> Records shown:
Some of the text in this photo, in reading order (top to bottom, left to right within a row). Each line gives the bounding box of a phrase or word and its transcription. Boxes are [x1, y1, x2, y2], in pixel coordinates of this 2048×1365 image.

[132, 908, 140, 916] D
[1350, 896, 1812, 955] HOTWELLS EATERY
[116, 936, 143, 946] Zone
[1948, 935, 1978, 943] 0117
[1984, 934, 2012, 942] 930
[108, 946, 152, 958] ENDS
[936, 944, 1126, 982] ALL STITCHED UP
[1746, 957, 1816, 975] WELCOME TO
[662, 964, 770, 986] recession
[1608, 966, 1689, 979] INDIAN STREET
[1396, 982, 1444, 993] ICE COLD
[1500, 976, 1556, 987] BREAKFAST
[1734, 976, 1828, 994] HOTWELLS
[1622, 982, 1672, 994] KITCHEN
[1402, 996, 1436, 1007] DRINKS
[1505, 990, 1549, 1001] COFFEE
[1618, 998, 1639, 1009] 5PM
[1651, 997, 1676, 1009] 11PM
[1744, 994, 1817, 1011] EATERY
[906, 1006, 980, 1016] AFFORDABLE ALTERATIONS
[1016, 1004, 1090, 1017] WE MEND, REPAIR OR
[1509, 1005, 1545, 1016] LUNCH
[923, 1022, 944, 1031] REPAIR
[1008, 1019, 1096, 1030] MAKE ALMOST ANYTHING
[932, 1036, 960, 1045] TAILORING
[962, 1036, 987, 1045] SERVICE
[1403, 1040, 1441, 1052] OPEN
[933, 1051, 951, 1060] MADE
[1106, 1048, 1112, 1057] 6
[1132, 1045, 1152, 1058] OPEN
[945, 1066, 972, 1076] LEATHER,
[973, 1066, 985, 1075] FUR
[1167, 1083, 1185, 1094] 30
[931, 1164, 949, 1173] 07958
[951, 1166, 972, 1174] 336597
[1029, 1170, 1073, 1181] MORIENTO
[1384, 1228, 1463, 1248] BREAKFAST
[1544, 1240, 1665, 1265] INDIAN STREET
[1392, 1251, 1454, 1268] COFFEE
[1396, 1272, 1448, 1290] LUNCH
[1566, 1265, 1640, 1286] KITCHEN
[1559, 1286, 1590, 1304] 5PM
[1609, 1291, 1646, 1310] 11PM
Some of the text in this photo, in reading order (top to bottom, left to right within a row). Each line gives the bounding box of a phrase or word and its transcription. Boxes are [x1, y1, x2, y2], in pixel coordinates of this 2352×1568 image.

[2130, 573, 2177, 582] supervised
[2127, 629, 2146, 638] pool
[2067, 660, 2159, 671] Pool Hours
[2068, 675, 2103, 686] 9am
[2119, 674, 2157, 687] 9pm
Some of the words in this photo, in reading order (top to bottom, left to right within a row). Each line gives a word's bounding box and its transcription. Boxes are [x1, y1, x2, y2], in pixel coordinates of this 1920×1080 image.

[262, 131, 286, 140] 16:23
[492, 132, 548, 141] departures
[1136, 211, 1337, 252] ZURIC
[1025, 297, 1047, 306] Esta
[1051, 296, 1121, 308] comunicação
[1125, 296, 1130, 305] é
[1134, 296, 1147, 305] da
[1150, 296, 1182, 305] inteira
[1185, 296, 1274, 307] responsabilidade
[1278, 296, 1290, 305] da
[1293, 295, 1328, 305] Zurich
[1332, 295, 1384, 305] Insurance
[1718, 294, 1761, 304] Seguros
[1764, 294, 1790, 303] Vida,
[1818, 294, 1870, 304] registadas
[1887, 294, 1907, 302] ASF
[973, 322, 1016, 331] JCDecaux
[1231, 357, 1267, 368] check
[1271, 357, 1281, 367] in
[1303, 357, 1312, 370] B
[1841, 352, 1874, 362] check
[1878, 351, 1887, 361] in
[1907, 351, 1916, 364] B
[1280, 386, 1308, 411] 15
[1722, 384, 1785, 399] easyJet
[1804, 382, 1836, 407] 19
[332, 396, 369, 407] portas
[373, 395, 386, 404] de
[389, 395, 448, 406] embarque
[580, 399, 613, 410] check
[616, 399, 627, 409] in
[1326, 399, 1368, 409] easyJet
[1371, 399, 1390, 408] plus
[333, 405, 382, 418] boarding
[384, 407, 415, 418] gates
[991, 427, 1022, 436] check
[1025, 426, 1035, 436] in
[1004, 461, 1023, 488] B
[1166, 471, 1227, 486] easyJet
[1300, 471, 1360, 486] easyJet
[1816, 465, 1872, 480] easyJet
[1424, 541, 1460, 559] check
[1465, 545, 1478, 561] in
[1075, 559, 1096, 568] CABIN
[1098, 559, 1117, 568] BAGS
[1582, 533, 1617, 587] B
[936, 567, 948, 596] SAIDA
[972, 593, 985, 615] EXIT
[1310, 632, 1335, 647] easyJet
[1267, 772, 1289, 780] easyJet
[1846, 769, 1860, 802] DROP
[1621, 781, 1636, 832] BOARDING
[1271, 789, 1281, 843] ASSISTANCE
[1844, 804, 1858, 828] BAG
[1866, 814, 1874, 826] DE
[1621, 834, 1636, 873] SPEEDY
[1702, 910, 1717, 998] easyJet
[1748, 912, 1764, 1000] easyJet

> Assignment:
Print all records shown above, word for word.

> Response:
Some of the text in this photo, in reading order (top to bottom, left to right within a row). Each line gives the bounding box of a phrase or word and its transcription. Boxes are [x1, y1, x2, y2], in pixel coordinates of this 2048×1365 image.

[132, 908, 140, 916] D
[1350, 896, 1812, 955] HOTWELLS EATERY
[116, 936, 143, 946] Zone
[1948, 935, 1978, 943] 0117
[1984, 934, 2012, 942] 930
[108, 946, 152, 958] ENDS
[936, 944, 1126, 982] ALL STITCHED UP
[1746, 957, 1816, 975] WELCOME TO
[662, 964, 770, 986] recession
[1608, 966, 1689, 979] INDIAN STREET
[1396, 982, 1444, 993] ICE COLD
[1500, 976, 1556, 987] BREAKFAST
[1734, 976, 1828, 994] HOTWELLS
[1622, 982, 1672, 994] KITCHEN
[1402, 996, 1436, 1007] DRINKS
[1505, 990, 1549, 1001] COFFEE
[1618, 998, 1639, 1009] 5PM
[1651, 997, 1676, 1009] 11PM
[1744, 994, 1817, 1011] EATERY
[906, 1006, 980, 1016] AFFORDABLE ALTERATIONS
[1016, 1004, 1090, 1017] WE MEND, REPAIR OR
[1509, 1005, 1545, 1016] LUNCH
[923, 1022, 944, 1031] REPAIR
[1008, 1019, 1096, 1030] MAKE ALMOST ANYTHING
[932, 1036, 960, 1045] TAILORING
[962, 1036, 987, 1045] SERVICE
[1403, 1040, 1441, 1052] OPEN
[933, 1051, 951, 1060] MADE
[1106, 1048, 1112, 1057] 6
[1132, 1045, 1152, 1058] OPEN
[945, 1066, 972, 1076] LEATHER,
[973, 1066, 985, 1075] FUR
[1167, 1083, 1185, 1094] 30
[931, 1164, 949, 1173] 07958
[951, 1166, 972, 1174] 336597
[1029, 1170, 1073, 1181] MORIENTO
[1384, 1228, 1463, 1248] BREAKFAST
[1544, 1240, 1665, 1265] INDIAN STREET
[1392, 1251, 1454, 1268] COFFEE
[1396, 1272, 1448, 1290] LUNCH
[1566, 1265, 1640, 1286] KITCHEN
[1559, 1286, 1590, 1304] 5PM
[1609, 1291, 1646, 1310] 11PM
Some of the text in this photo, in reading order (top to bottom, left to right within a row). Each line gives the bounding box of a phrase or word and its transcription. Boxes are [x1, y1, x2, y2], in pixel coordinates of this 2352×1568 image.

[2130, 573, 2177, 582] supervised
[2127, 629, 2146, 638] pool
[2067, 660, 2159, 671] Pool Hours
[2068, 675, 2103, 686] 9am
[2119, 674, 2157, 687] 9pm
Some of the words in this photo, in reading order (top to bottom, left to right within a row). Each line gives a word's bounding box and its transcription. Boxes are [x1, y1, x2, y2], in pixel coordinates of this 1920×1080 image.

[262, 131, 286, 140] 16:23
[492, 132, 548, 141] departures
[1136, 211, 1337, 252] ZURIC
[1025, 297, 1047, 306] Esta
[1051, 296, 1121, 308] comunicação
[1125, 296, 1130, 305] é
[1134, 296, 1147, 305] da
[1150, 296, 1182, 305] inteira
[1185, 296, 1274, 307] responsabilidade
[1278, 296, 1290, 305] da
[1293, 295, 1328, 305] Zurich
[1332, 295, 1384, 305] Insurance
[1718, 294, 1761, 304] Seguros
[1764, 294, 1790, 303] Vida,
[1818, 294, 1870, 304] registadas
[1887, 294, 1907, 302] ASF
[973, 322, 1016, 331] JCDecaux
[1231, 357, 1267, 368] check
[1271, 357, 1281, 367] in
[1303, 357, 1312, 370] B
[1841, 352, 1874, 362] check
[1878, 351, 1887, 361] in
[1907, 351, 1916, 364] B
[1280, 386, 1308, 411] 15
[1722, 384, 1785, 399] easyJet
[1804, 382, 1836, 407] 19
[332, 396, 369, 407] portas
[373, 395, 386, 404] de
[389, 395, 448, 406] embarque
[580, 399, 613, 410] check
[616, 399, 627, 409] in
[1326, 399, 1368, 409] easyJet
[1371, 399, 1390, 408] plus
[333, 405, 382, 418] boarding
[384, 407, 415, 418] gates
[991, 427, 1022, 436] check
[1025, 426, 1035, 436] in
[1004, 461, 1023, 488] B
[1166, 471, 1227, 486] easyJet
[1300, 471, 1360, 486] easyJet
[1816, 465, 1872, 480] easyJet
[1424, 541, 1460, 559] check
[1465, 545, 1478, 561] in
[1075, 559, 1096, 568] CABIN
[1098, 559, 1117, 568] BAGS
[1582, 533, 1617, 587] B
[936, 567, 948, 596] SAIDA
[972, 593, 985, 615] EXIT
[1310, 632, 1335, 647] easyJet
[1267, 772, 1289, 780] easyJet
[1846, 769, 1860, 802] DROP
[1621, 781, 1636, 832] BOARDING
[1271, 789, 1281, 843] ASSISTANCE
[1844, 804, 1858, 828] BAG
[1866, 814, 1874, 826] DE
[1621, 834, 1636, 873] SPEEDY
[1702, 910, 1717, 998] easyJet
[1748, 912, 1764, 1000] easyJet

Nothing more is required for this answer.